Giovanni Ravanelli

La Torre di Siloe

A cavallo tra Cinque e Seicento alcuni avvenimenti importanti interessano la storia della valle di Scalve, all’epoca sotto il dominio della Repubblica di Venezia. Stabilito un accordo con gli abitanti di Borno, che pone un freno a secoli di lotte, la valle riforma le sue leggi. L’epoca è segnata da pestilenze e carestie, mentre le stagioni diventano sempre più imprevedibili e fredde. I soprusi dei potenti sono all’ordine del giorno, come le periodiche scorrerie di Tomaso dei Capitanei.

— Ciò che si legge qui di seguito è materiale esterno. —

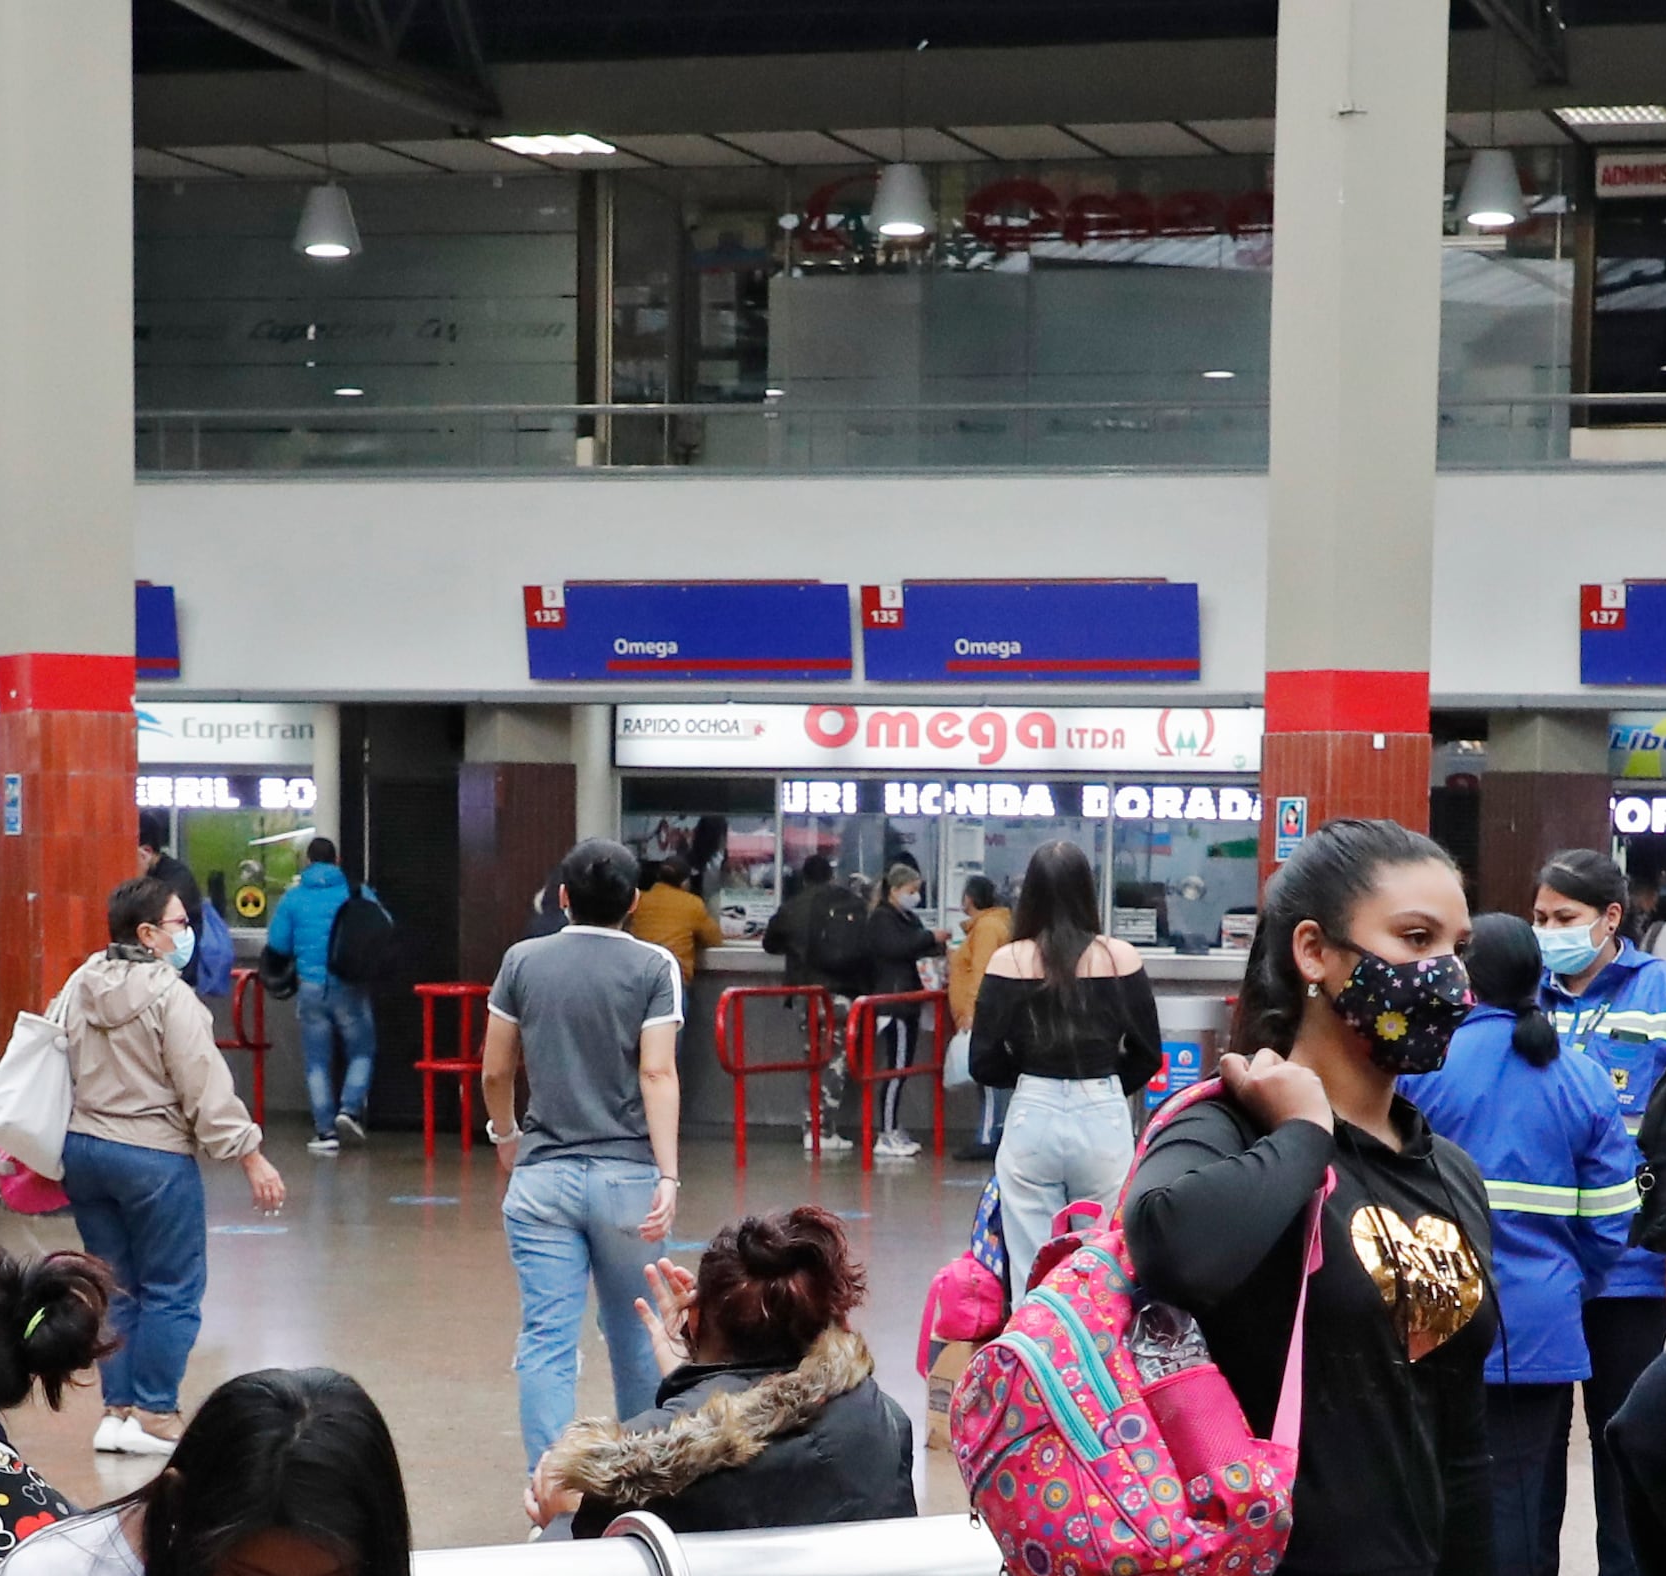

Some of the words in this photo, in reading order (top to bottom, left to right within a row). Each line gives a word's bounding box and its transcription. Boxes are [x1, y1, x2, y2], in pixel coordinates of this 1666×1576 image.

Si arriva infine alla grande peste del 1630, che fa strage in tutta Lombardia.
Testimone di una parte di questi avvenimenti è Andrea Silini, notaio della vicinia di Vilmaggiore, che diversi anni dopo indirizza al figlio uno scritto, in cui racconta la scoperta delle sue vere origini e l’ascesa sociale da giovane contadino a uomo di legge, chiamato a ricoprire ruoli di responsabilità all’interno della Comunità di Scalve.

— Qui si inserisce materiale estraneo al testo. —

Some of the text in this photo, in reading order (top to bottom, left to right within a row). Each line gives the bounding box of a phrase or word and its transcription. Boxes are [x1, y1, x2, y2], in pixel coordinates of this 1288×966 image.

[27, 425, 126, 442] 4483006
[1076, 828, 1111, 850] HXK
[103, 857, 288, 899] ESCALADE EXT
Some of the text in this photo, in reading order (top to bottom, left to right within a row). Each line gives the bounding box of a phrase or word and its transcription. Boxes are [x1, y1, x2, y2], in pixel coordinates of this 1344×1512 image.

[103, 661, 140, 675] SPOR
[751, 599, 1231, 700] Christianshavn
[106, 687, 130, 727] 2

Come Cancelliere di valle e successivamente a titolo personale, Andrea si trova ad affrontare la vicenda di alcune donne, uccise in quello che diverrà noto come il “fienile delle streghe”. La ricerca dell’assassino dura alcuni anni, tra piccoli indizi, errori di valutazione e testimonianze apparentemente insignificanti, e termina sullo sfondo buio del 1630.
Verità e giustizia si scontreranno così con la dura realtà dell’epoca.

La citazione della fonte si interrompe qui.